**What the exercise asks:** Where an entry holds an image, leave the image out; otherwise reproduce the entry exactly.

====

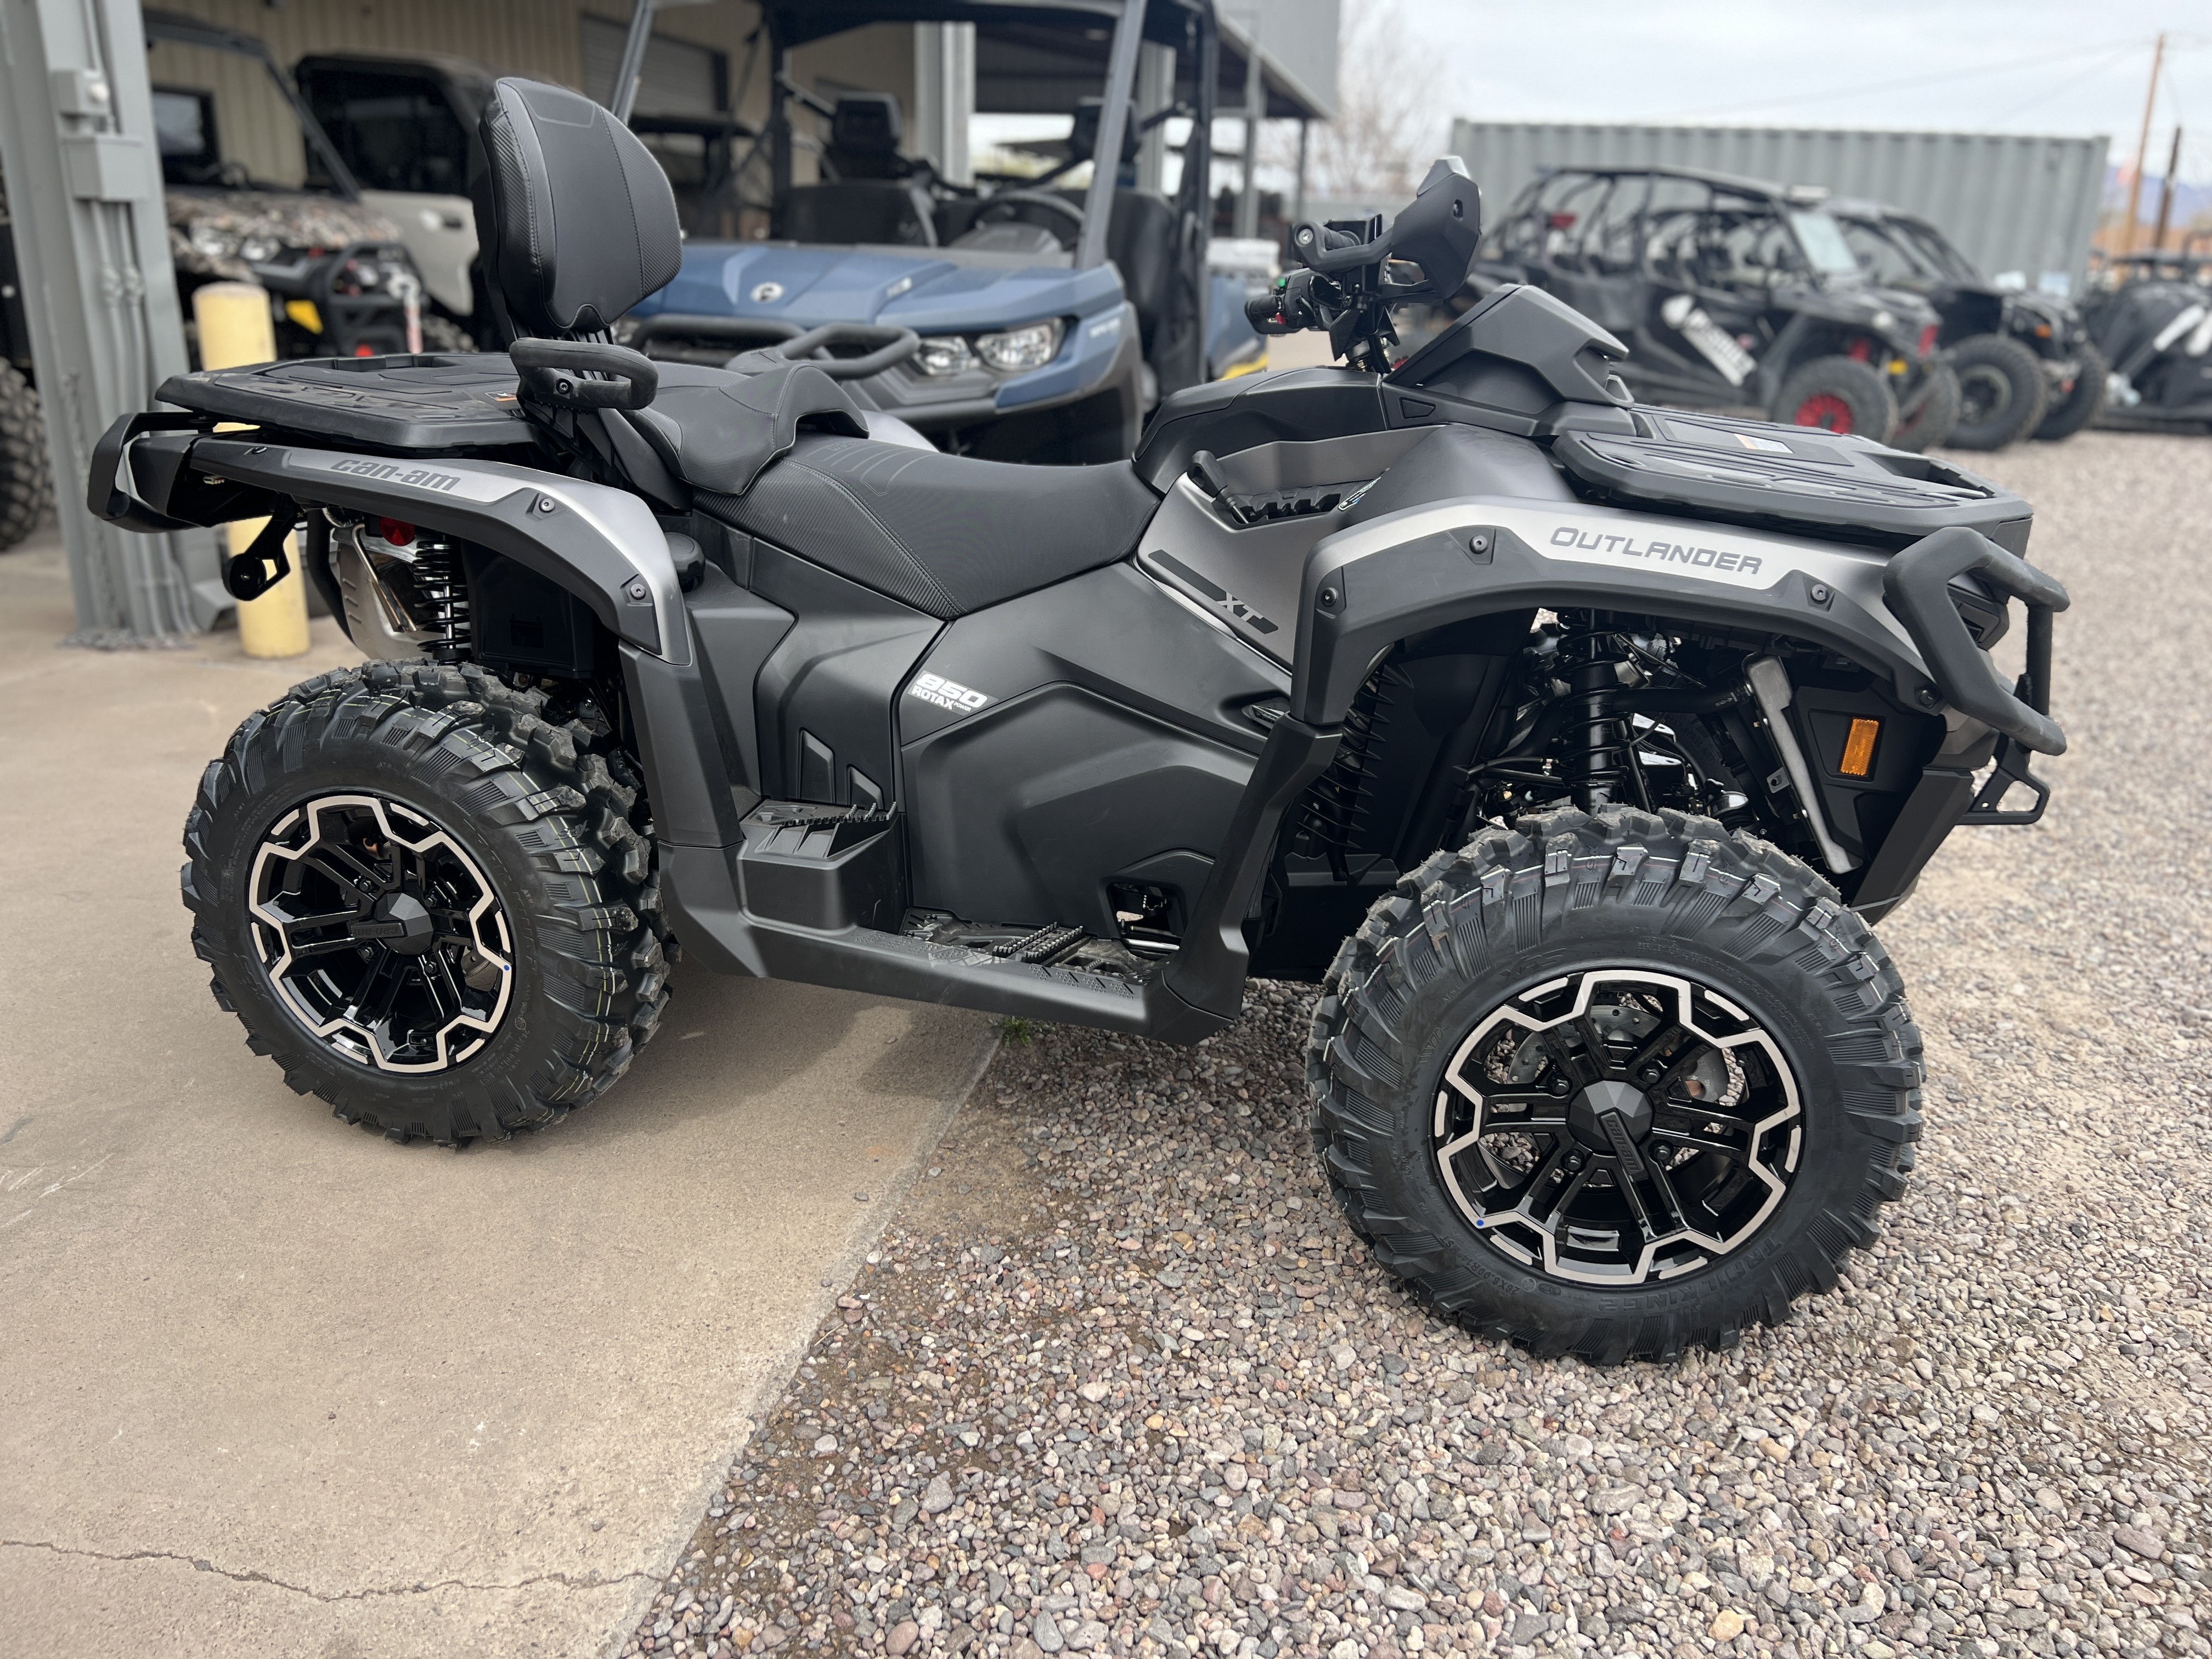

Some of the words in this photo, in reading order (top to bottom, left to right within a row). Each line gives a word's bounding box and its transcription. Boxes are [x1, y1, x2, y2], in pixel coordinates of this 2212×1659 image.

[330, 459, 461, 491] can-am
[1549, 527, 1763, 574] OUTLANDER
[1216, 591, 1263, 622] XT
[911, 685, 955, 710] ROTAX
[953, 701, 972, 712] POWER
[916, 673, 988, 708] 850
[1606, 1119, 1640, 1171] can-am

====

**Exercise result:**
Some of the words in this photo, in reading order (top to bottom, left to right within a row). Each line gives a word's bounding box and its transcription. Boxes are [x1, y1, x2, y2], in pixel coordinates of this 2212×1659 image.

[330, 459, 461, 491] can-am
[1549, 527, 1763, 574] OUTLANDER
[1216, 591, 1263, 622] XT
[911, 685, 955, 710] ROTAX
[953, 701, 972, 712] POWER
[916, 673, 988, 708] 850
[1606, 1119, 1640, 1171] can-am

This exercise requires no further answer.